Can You Use Regular Paper for Pastel Art?

Pastel art is a type of painting that uses dry pastels. The pastels are made of powdered pigments held together with a binder. They are applied to paper or another support to create a work of art.

A regular paper can be used for pastel art, but there are some things to keep in mind. Regular paper is not as smooth as specially made pastel paper, so the pastels may not go on as evenly. The texture of regular paper can also cause the pastels to crumble more easily.

If you use regular paper, it’s best to choose a heavier weight so it will be less likely to buckle under the layers of pastel.

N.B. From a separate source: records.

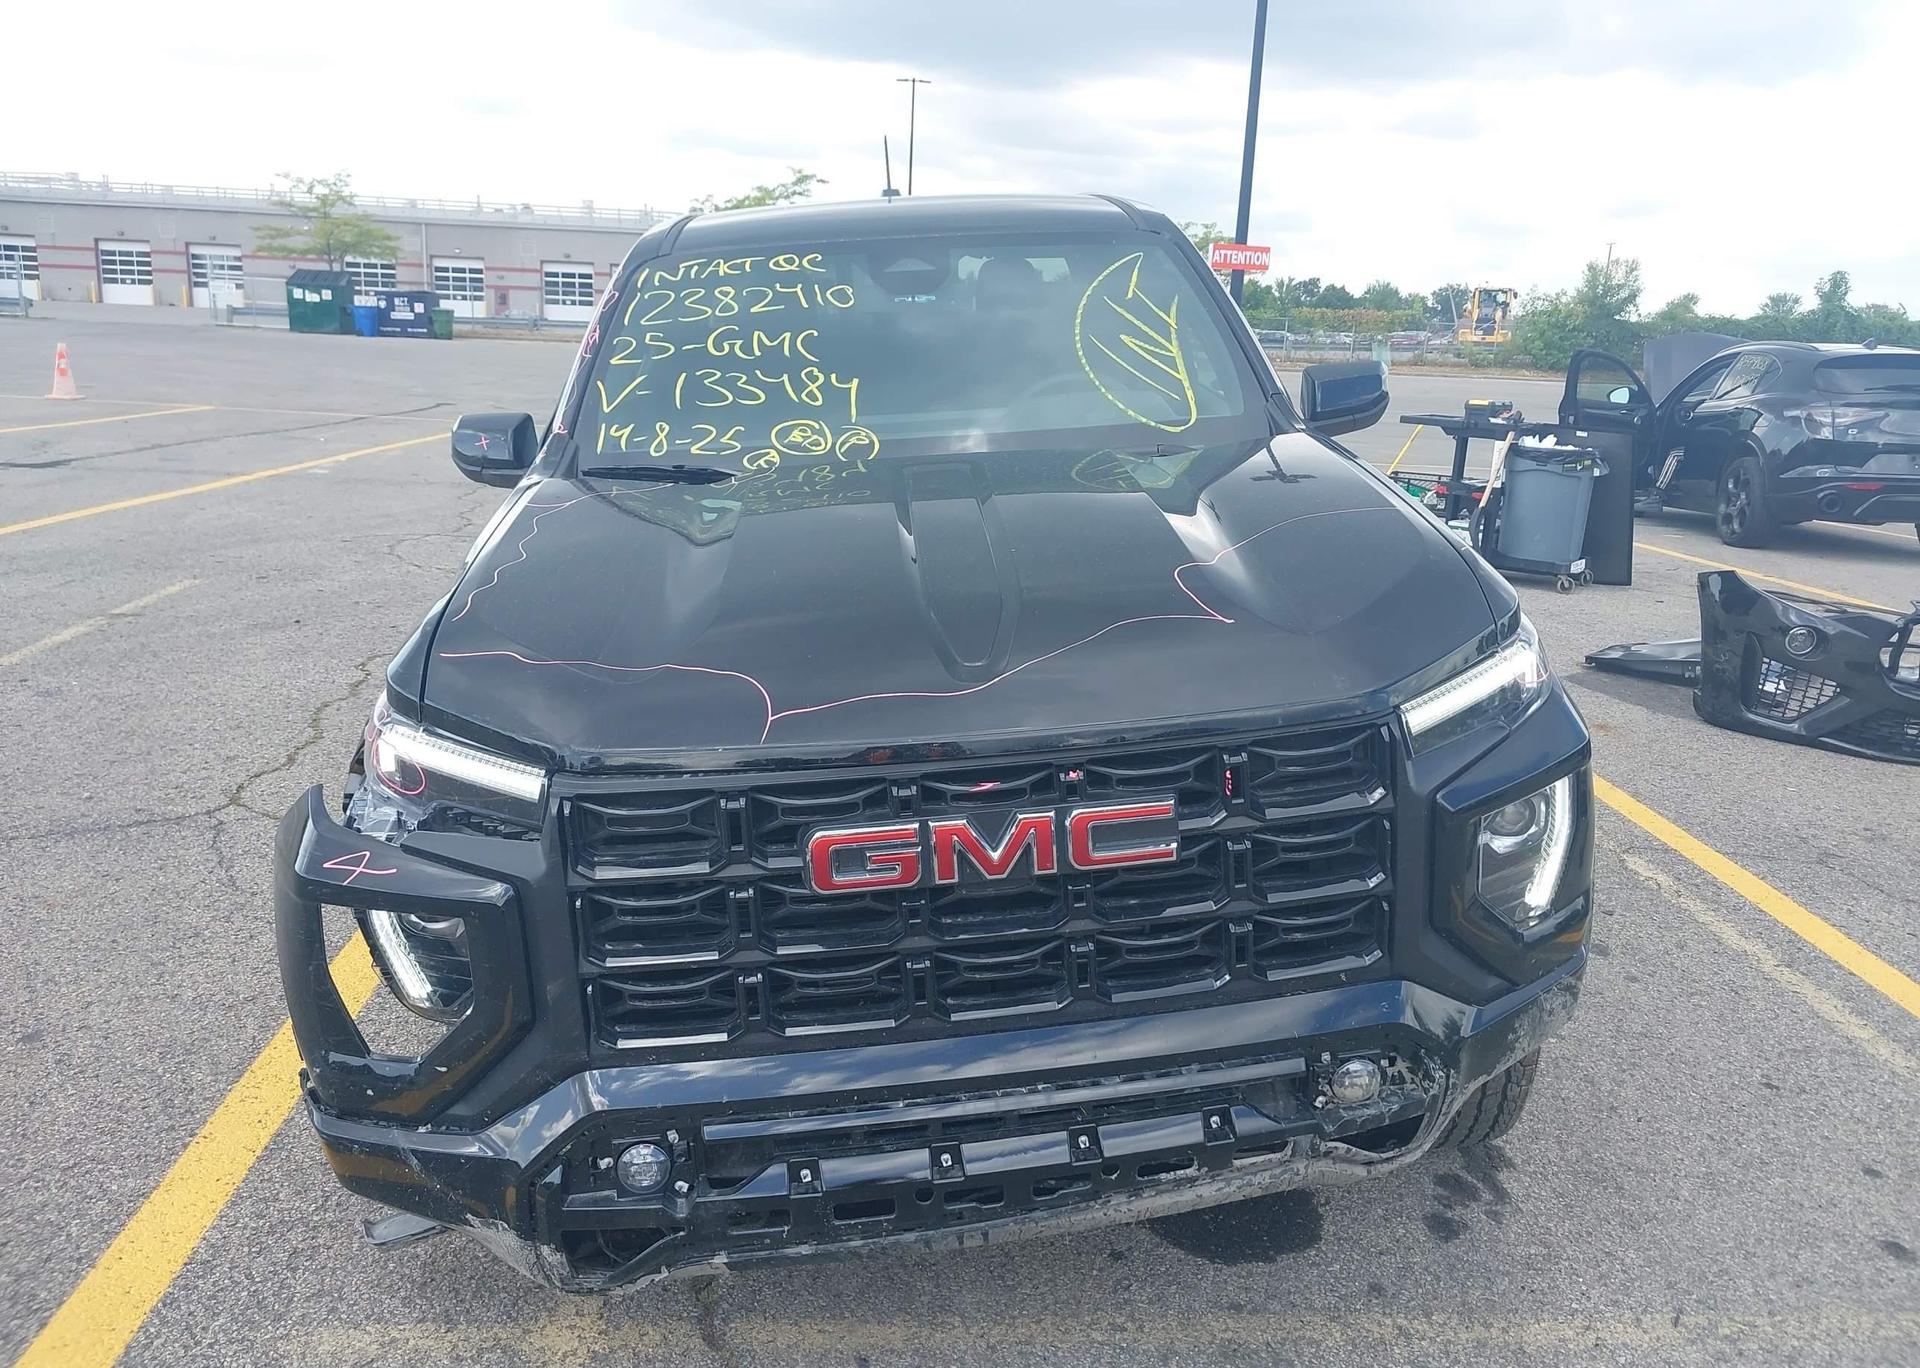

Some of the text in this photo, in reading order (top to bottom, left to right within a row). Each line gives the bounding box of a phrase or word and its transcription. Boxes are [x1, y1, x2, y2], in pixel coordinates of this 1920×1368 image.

[637, 252, 827, 288] INTACT QC
[1212, 248, 1270, 266] ATTENTION
[623, 283, 856, 326] 12382410
[608, 325, 820, 365] 25-GMC
[596, 421, 746, 457] 14-8-25
[805, 799, 1177, 896] GMC

If you’re a beginner with watercolors, you may be wondering if you can use watercolor paper for pastels. The short answer is yes! You can use watercolor paper for pastels, but there are a few things to keep in mind.

Watercolor paper is usually thicker than regular drawing paper, so it can stand up to the heavier pigments in pastels. It’s also important to choose smooth watercolor paper so the pastels don’t get caught in the texture. When working with pastels on watercolor paper, start by sketching your design with a light pencil before adding any color.

Once you’ve added your colors, you can go back over them with a wet brush to blend and create new effects. Just remember that because watercolors take longer to dry on thicker papers like watercolor paper, you’ll need to be patient and give your painting plenty of time to dry completely before framing or displaying it.

Jayden Martin is a talented individual who excels in multiple creative domains. As a color expert, painter, and DIY hobbyist, Jayden possesses a deep understanding of color theory and its application in various artistic endeavors. With a keen eye for aesthetics and a knack for DIY projects, Jayden constantly explores new techniques and mediums, pushing the boundaries of their artistic abilities.